Lo primero es la preeminencia cronológica, claro: Yojimbo fue realizada en 1961, mientras que el mencionado largometraje de Leone es de 1964 y el de los hermanos Coen de 1990. Pero aparte de algún elemento más o menos anecdótico al respecto como el pleito por plagio que interpuso Kurosawa (y que acabó ganando) contra el cineasta italiano, más interesante resulta el que esa anterioridad temporal explique muchas huellas de esta película que se perciben no sólo en el spaghetti western (aunque principalmente), sino en el western en su sentido más amplio, con ramificaciones claramente visibles que, andando el tiempo, habrían de llegar hasta el presente en series como Breaking Bad (que en cierto modo es, entre otras muchas cosas, un western contemporáneo).

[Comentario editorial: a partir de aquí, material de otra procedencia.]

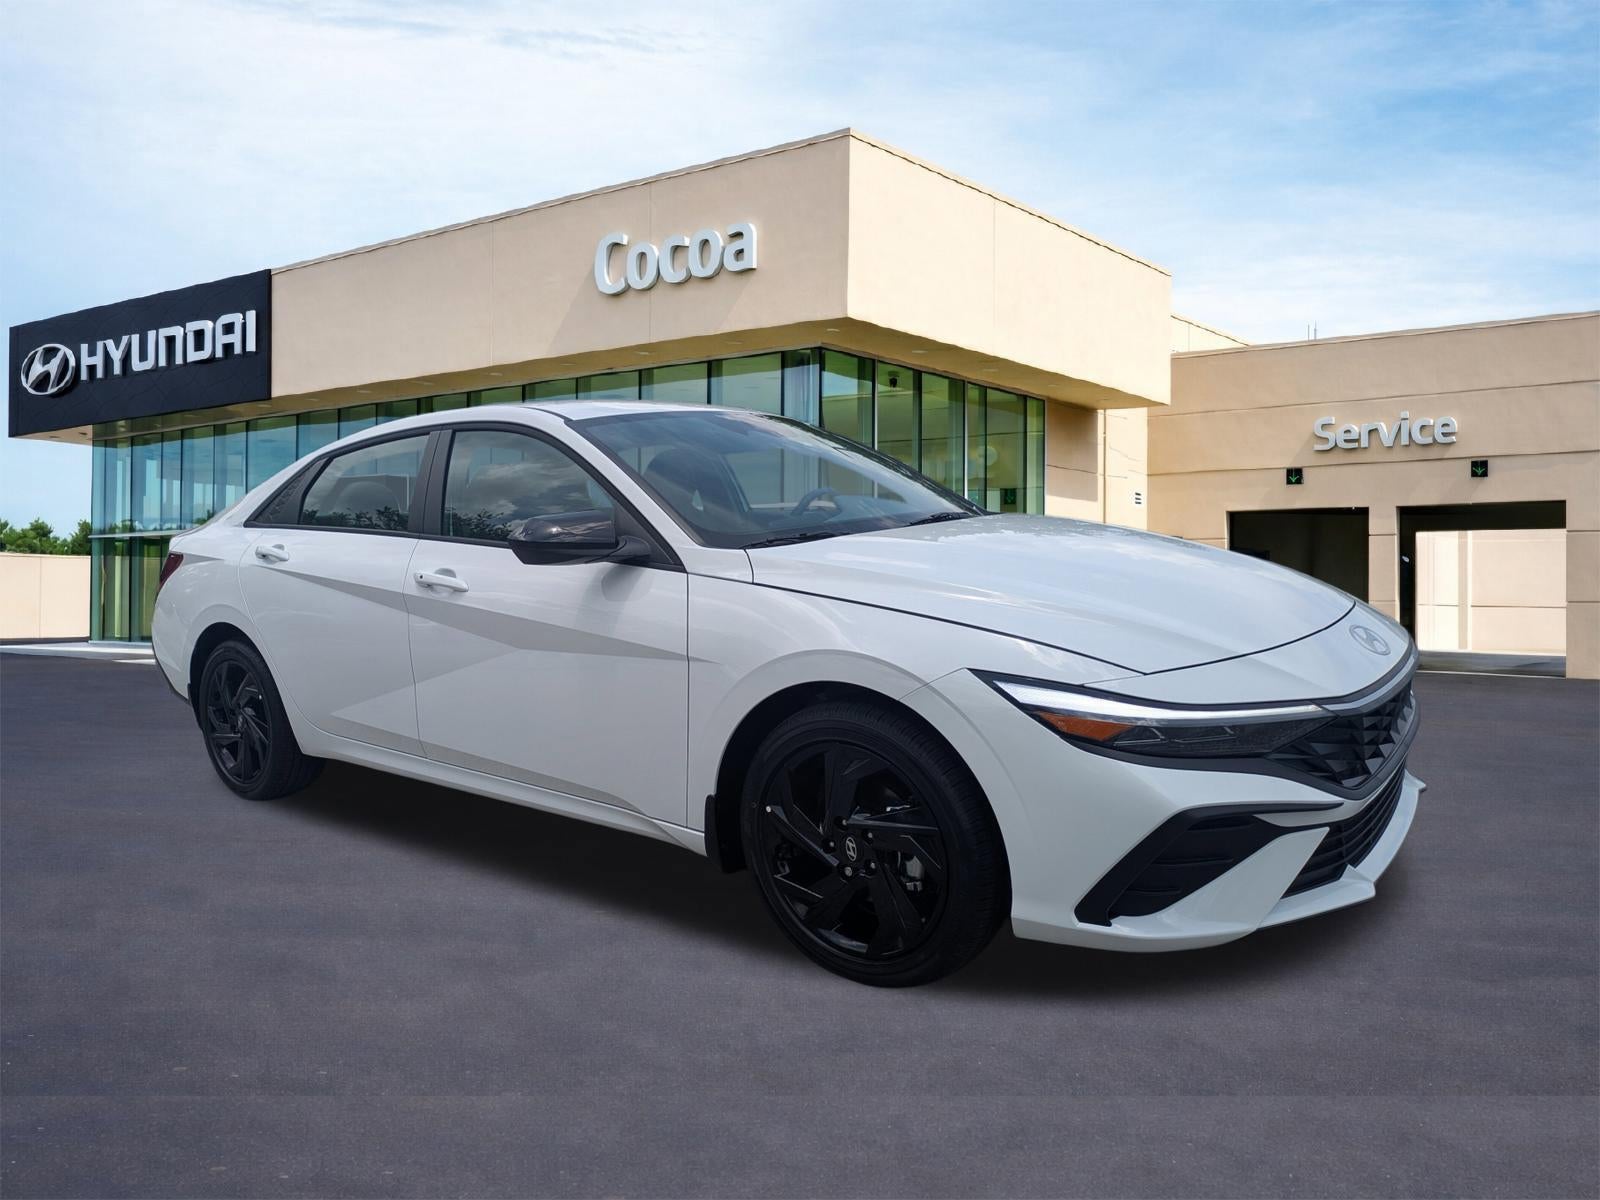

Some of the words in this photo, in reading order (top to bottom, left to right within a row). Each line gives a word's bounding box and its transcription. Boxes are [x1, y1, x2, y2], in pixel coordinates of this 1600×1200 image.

[594, 223, 757, 295] Cocoa
[80, 310, 256, 381] HYUNDAI
[1313, 411, 1458, 451] Service
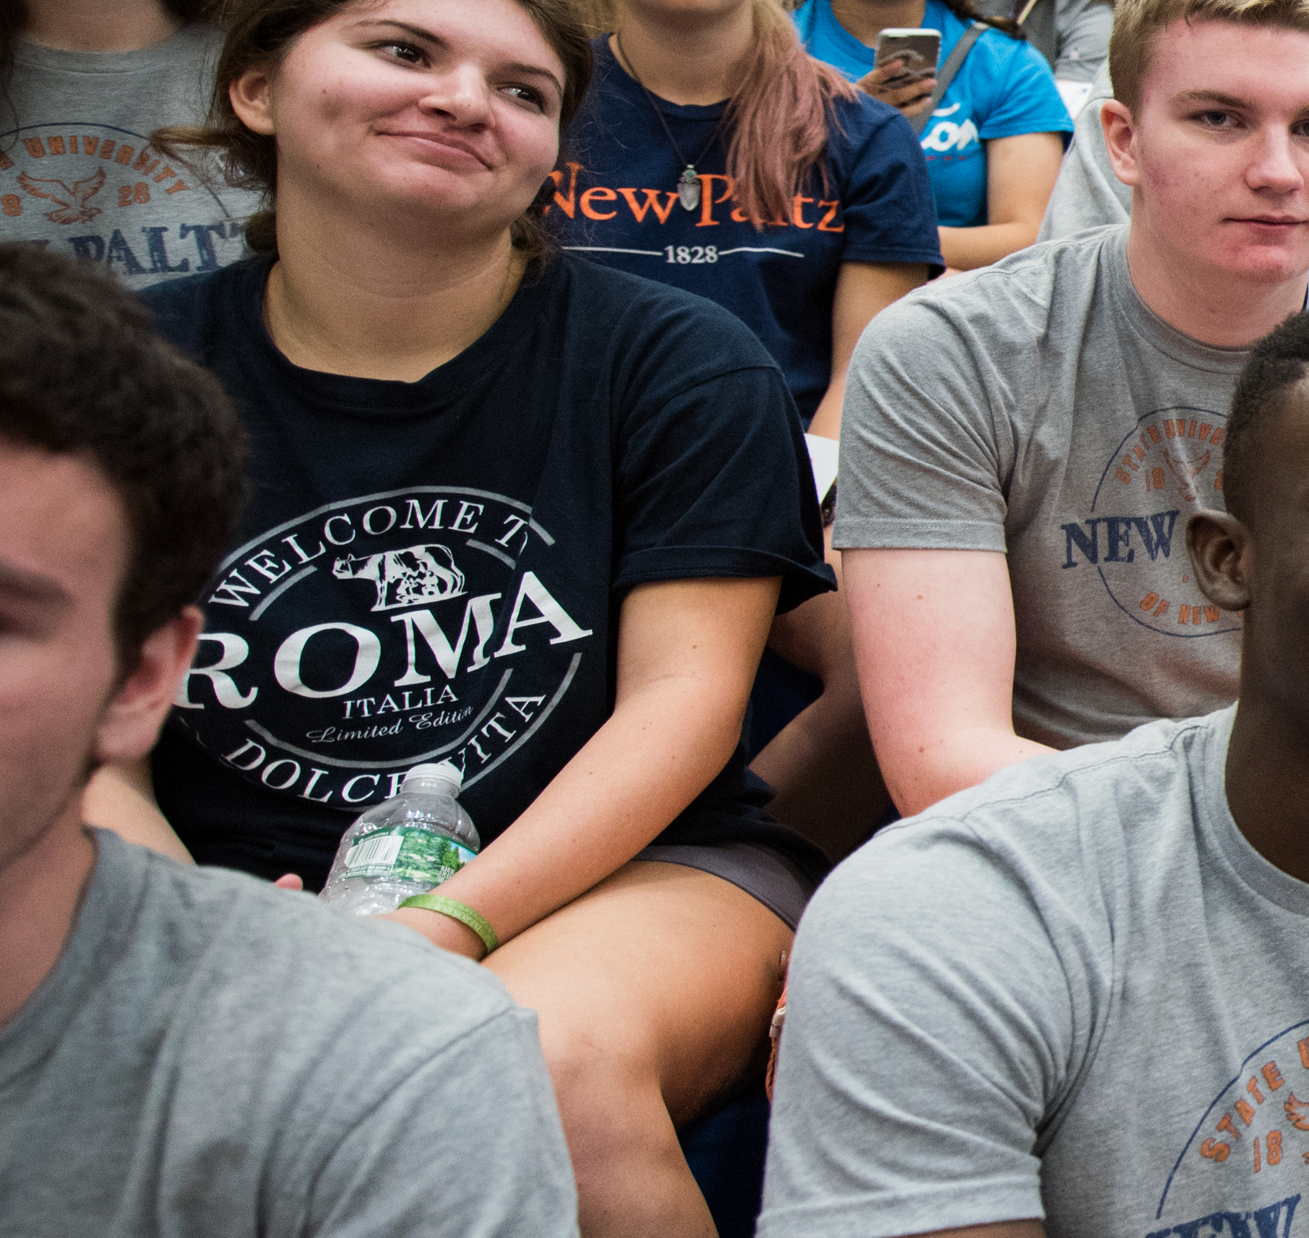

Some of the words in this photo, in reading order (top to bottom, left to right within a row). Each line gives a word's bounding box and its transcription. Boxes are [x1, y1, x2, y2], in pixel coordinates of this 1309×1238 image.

[24, 136, 189, 194] UNIVERSITY
[118, 181, 151, 207] 28
[543, 162, 680, 225] New
[695, 174, 845, 233] Ptz
[69, 222, 245, 275] PALT
[663, 245, 719, 264] 1828
[209, 500, 484, 612] WELCOME
[1061, 510, 1181, 569] NEW
[1139, 592, 1170, 617] OF
[1178, 604, 1220, 625] NEW
[176, 571, 594, 710] ROMA
[342, 684, 459, 720] ITALIA
[305, 718, 404, 744] Limited
[1200, 1060, 1285, 1164] STATE
[1252, 1129, 1284, 1174] 18
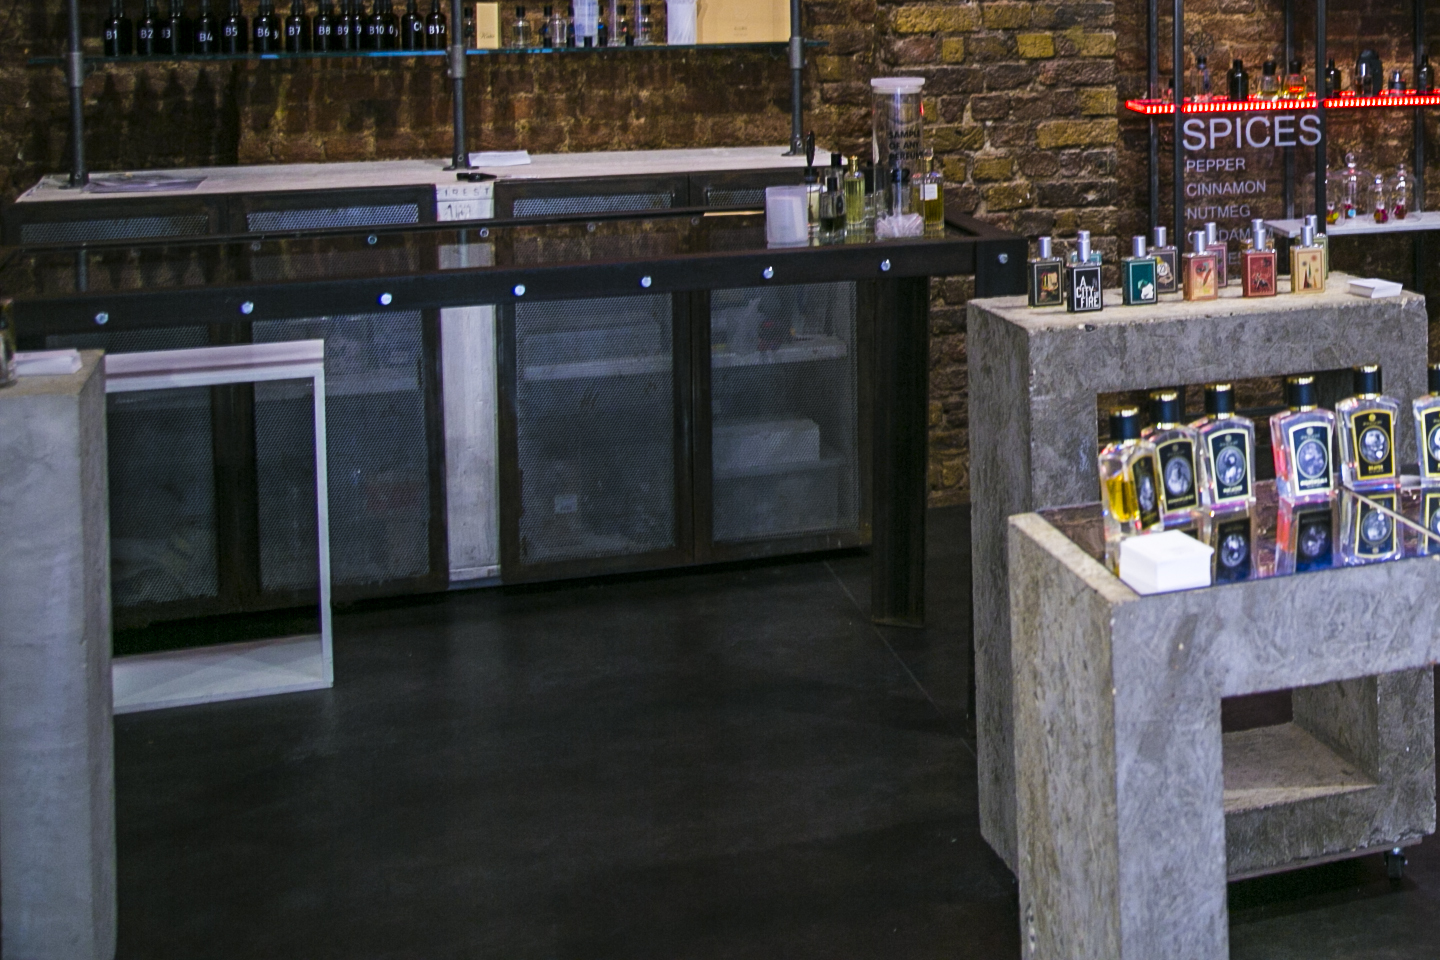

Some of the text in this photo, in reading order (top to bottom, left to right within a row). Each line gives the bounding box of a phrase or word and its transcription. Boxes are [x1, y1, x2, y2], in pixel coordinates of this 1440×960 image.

Entre esas huellas todo espectador reconocerá, por ejemplo, las secuencias de la calle principal del poblado desierta, con esas ráfagas de viento que levantan arenisca como único sonido; los habitantes atemorizados en sus casas y que subrayan la inminencia de un conflicto que la solitaria aparición del protagonista, o de alguno de sus antagonistas, anuncia. También se reconocerán en el cine posterior los distintos ritmos en los que transcurre esta narración: episodios de una silenciosa lentitud -que sin embargo no es calmosa- eclosionan en otros de gran violencia y cuya resolución se produce a velocidad de vértigo. Y también ese antihéroe-héroe crepuscular, tan de vuelta de todo en la vida que ya no es ni cínico porque todo le importa un ardite; y que sin embargo, casi más por razones estéticas (el triste espectáculo de la estupidez humana) que éticas, es incapaz de contener el desprecio que siente por la mezquindad de los dos bandos en pugna y resuelve acabar con todos utilizando su propio ingenio, a pesar de pagar por ello un precio -el de las varias veces que le parten la cara- que sin embargo él estima en poco.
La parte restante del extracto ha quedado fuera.